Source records
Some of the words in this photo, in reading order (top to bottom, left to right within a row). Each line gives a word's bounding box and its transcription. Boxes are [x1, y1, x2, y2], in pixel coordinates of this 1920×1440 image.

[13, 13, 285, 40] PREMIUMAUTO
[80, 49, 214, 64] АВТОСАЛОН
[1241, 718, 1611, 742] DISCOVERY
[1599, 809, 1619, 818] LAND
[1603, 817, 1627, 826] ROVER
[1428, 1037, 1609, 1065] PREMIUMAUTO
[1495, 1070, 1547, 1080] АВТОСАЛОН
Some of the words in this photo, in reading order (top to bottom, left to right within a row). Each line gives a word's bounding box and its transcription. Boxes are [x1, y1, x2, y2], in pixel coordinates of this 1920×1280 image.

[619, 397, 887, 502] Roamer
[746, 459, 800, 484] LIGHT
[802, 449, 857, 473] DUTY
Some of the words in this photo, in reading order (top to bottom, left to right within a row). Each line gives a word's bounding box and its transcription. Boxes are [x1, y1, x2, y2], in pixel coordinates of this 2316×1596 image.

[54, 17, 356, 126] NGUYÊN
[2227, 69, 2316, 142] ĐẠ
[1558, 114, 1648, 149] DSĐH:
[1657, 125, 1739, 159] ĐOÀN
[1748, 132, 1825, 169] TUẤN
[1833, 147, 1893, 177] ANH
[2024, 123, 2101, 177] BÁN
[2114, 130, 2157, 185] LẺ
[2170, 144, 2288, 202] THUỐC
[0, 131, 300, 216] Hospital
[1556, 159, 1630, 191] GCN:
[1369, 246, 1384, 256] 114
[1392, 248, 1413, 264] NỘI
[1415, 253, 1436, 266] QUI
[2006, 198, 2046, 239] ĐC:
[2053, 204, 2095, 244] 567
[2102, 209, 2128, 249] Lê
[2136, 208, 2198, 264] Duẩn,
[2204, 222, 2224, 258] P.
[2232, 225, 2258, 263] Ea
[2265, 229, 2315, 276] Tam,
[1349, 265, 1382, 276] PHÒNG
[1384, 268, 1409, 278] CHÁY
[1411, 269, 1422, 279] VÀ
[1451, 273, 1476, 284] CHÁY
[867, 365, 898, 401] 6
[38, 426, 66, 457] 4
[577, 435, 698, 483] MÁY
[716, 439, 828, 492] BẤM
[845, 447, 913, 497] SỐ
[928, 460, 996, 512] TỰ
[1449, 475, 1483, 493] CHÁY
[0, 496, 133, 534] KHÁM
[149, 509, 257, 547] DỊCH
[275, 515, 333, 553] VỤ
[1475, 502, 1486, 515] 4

WHAT TO WORK ON: Print the data above exactly as it was provided.

RESPONSE TO THIS TASK:
Some of the words in this photo, in reading order (top to bottom, left to right within a row). Each line gives a word's bounding box and its transcription. Boxes are [x1, y1, x2, y2], in pixel coordinates of this 1920×1440 image.

[13, 13, 285, 40] PREMIUMAUTO
[80, 49, 214, 64] АВТОСАЛОН
[1241, 718, 1611, 742] DISCOVERY
[1599, 809, 1619, 818] LAND
[1603, 817, 1627, 826] ROVER
[1428, 1037, 1609, 1065] PREMIUMAUTO
[1495, 1070, 1547, 1080] АВТОСАЛОН
Some of the words in this photo, in reading order (top to bottom, left to right within a row). Each line gives a word's bounding box and its transcription. Boxes are [x1, y1, x2, y2], in pixel coordinates of this 1920×1280 image.

[619, 397, 887, 502] Roamer
[746, 459, 800, 484] LIGHT
[802, 449, 857, 473] DUTY
Some of the words in this photo, in reading order (top to bottom, left to right within a row). Each line gives a word's bounding box and its transcription. Boxes are [x1, y1, x2, y2], in pixel coordinates of this 2316×1596 image.

[54, 17, 356, 126] NGUYÊN
[2227, 69, 2316, 142] ĐẠ
[1558, 114, 1648, 149] DSĐH:
[1657, 125, 1739, 159] ĐOÀN
[1748, 132, 1825, 169] TUẤN
[1833, 147, 1893, 177] ANH
[2024, 123, 2101, 177] BÁN
[2114, 130, 2157, 185] LẺ
[2170, 144, 2288, 202] THUỐC
[0, 131, 300, 216] Hospital
[1556, 159, 1630, 191] GCN:
[1369, 246, 1384, 256] 114
[1392, 248, 1413, 264] NỘI
[1415, 253, 1436, 266] QUI
[2006, 198, 2046, 239] ĐC:
[2053, 204, 2095, 244] 567
[2102, 209, 2128, 249] Lê
[2136, 208, 2198, 264] Duẩn,
[2204, 222, 2224, 258] P.
[2232, 225, 2258, 263] Ea
[2265, 229, 2315, 276] Tam,
[1349, 265, 1382, 276] PHÒNG
[1384, 268, 1409, 278] CHÁY
[1411, 269, 1422, 279] VÀ
[1451, 273, 1476, 284] CHÁY
[867, 365, 898, 401] 6
[38, 426, 66, 457] 4
[577, 435, 698, 483] MÁY
[716, 439, 828, 492] BẤM
[845, 447, 913, 497] SỐ
[928, 460, 996, 512] TỰ
[1449, 475, 1483, 493] CHÁY
[0, 496, 133, 534] KHÁM
[149, 509, 257, 547] DỊCH
[275, 515, 333, 553] VỤ
[1475, 502, 1486, 515] 4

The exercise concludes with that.